A Chicago man’s case may turn on one hard question: did he help plan violence, or did he simply get caught in a chat that turned ugly?
Story Snapshot
- Alexander Iniguez Mercado was charged with obstruction of justice in the White House UFC attack case.
- Prosecutors say he helped run Signal groups tied to a violent plot against the June 14 event.
- The FBI spoke with him one day before the event, and he allegedly uninstalled Signal after the call.
- Defense lawyers say the chat was about survivalism and camping, not terrorism.
How the Case Against Mercado Took Shape
Federal prosecutors say Mercado was not just a bystander. They say he was an administrator and member of Signal messaging groups used to plan a violent attack on the UFC event at the White House. The indictment says the FBI called him the day before the event, asked about travel plans to Washington, and got a denial.

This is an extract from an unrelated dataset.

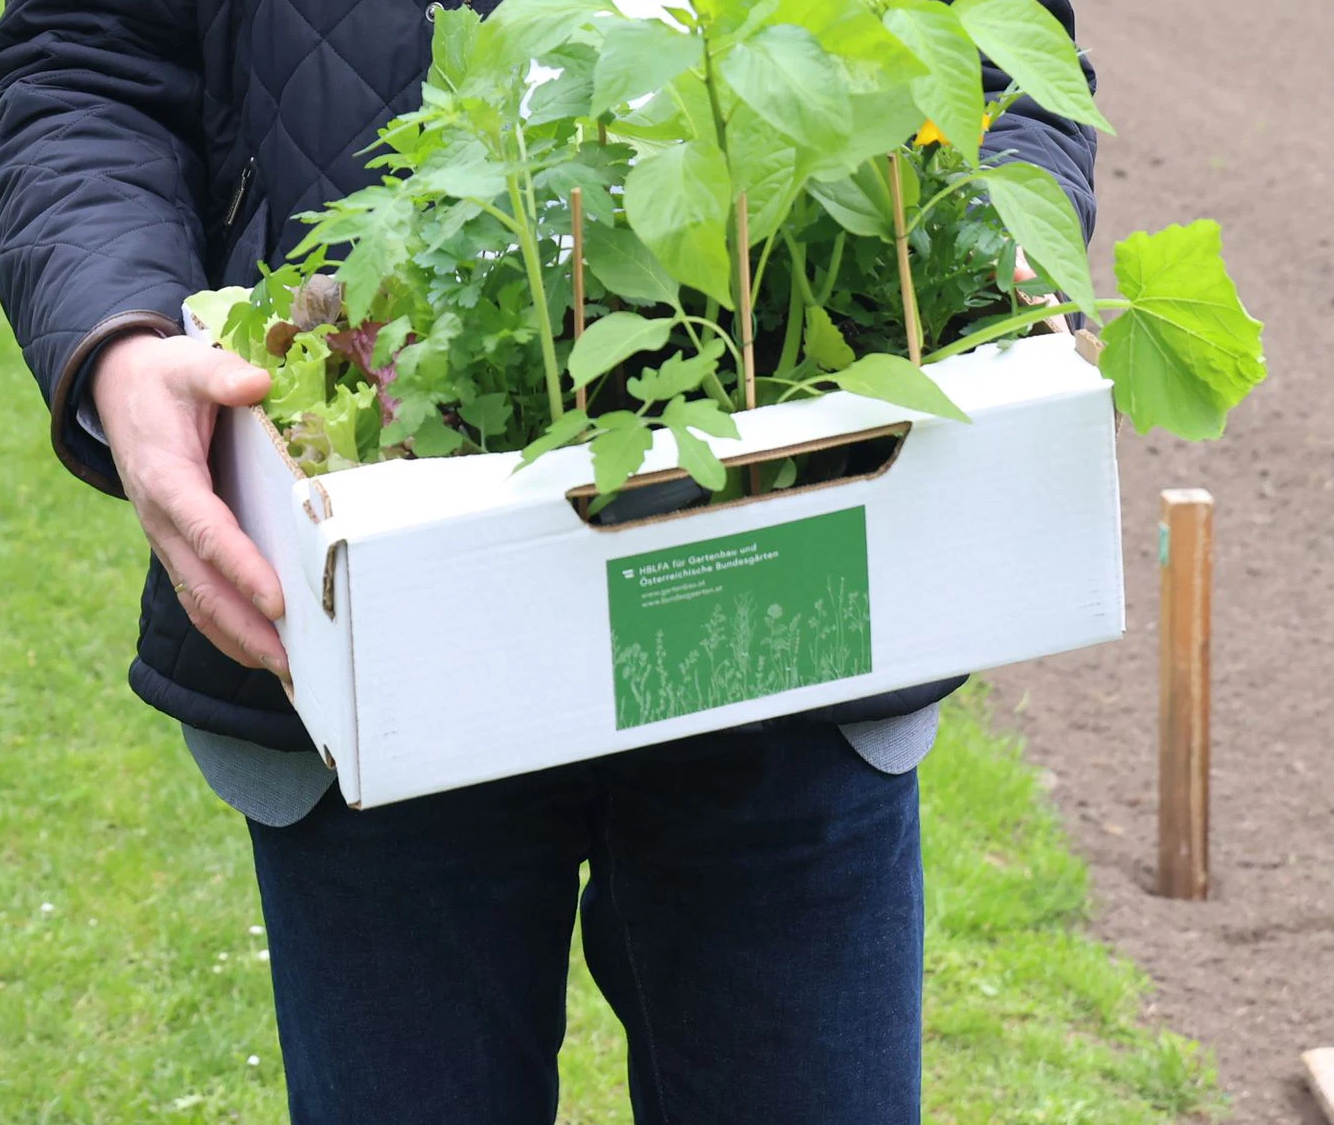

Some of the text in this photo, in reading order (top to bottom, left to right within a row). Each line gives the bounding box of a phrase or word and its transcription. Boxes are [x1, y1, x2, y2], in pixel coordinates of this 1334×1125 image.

[639, 542, 757, 575] HBLFA für Gartenbau und
[639, 550, 779, 587] Österreichische Bundesgärten

Prosecutors then say he removed Signal from his phone, leaving investigators without the data they wanted.[1][3][7]
That sequence matters because the charge is not murder or assault. It is obstruction of justice under Title 18 of the United States Code, Section 1519. In plain English, prosecutors must show that Mercado knowingly altered, destroyed, or concealed records tied to a federal matter. The government says the deleted app fits that theory. If the jury accepts that story, the case could carry up to 20 years in prison.[1][3][7]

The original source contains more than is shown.